━━━━━ DATASET CONTENT ━━━━━

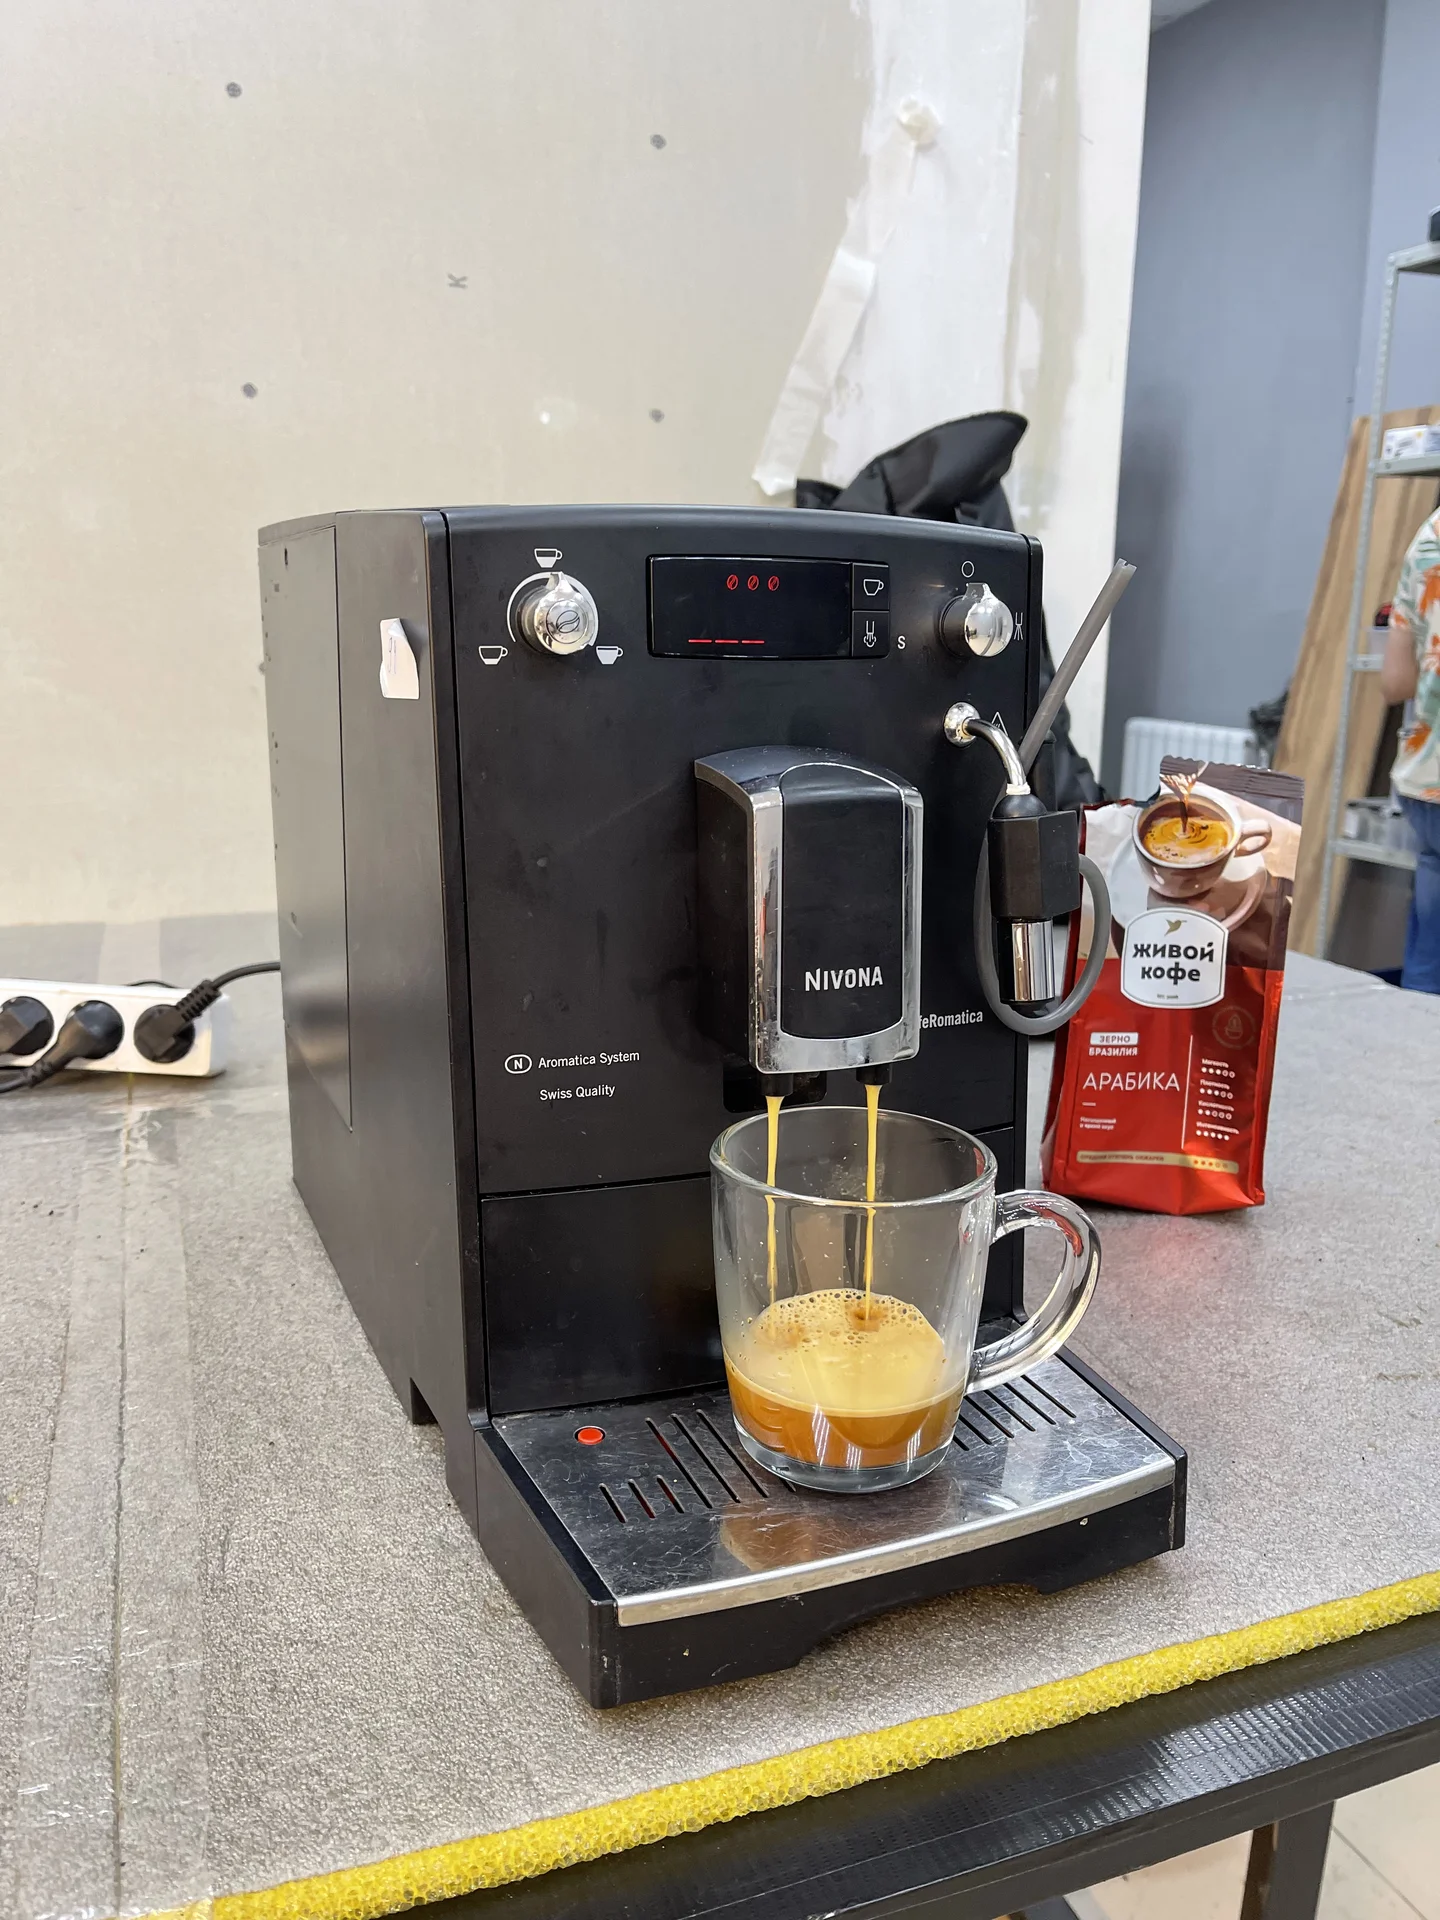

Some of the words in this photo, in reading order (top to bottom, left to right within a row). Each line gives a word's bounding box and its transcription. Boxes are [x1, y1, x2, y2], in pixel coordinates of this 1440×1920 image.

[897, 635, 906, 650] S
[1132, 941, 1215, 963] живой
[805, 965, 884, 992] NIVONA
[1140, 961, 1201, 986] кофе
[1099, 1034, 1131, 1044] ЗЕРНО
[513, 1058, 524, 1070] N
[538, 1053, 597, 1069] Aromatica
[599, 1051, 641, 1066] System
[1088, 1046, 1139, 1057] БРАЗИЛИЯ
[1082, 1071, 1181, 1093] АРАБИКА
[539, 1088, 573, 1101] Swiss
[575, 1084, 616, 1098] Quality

━━━━━

Could you retype all the entries exactly, skipping the pictures?

→ TASK OUTPUT:
Some of the words in this photo, in reading order (top to bottom, left to right within a row). Each line gives a word's bounding box and its transcription. Boxes are [x1, y1, x2, y2], in pixel coordinates of this 1440×1920 image.

[897, 635, 906, 650] S
[1132, 941, 1215, 963] живой
[805, 965, 884, 992] NIVONA
[1140, 961, 1201, 986] кофе
[1099, 1034, 1131, 1044] ЗЕРНО
[513, 1058, 524, 1070] N
[538, 1053, 597, 1069] Aromatica
[599, 1051, 641, 1066] System
[1088, 1046, 1139, 1057] БРАЗИЛИЯ
[1082, 1071, 1181, 1093] АРАБИКА
[539, 1088, 573, 1101] Swiss
[575, 1084, 616, 1098] Quality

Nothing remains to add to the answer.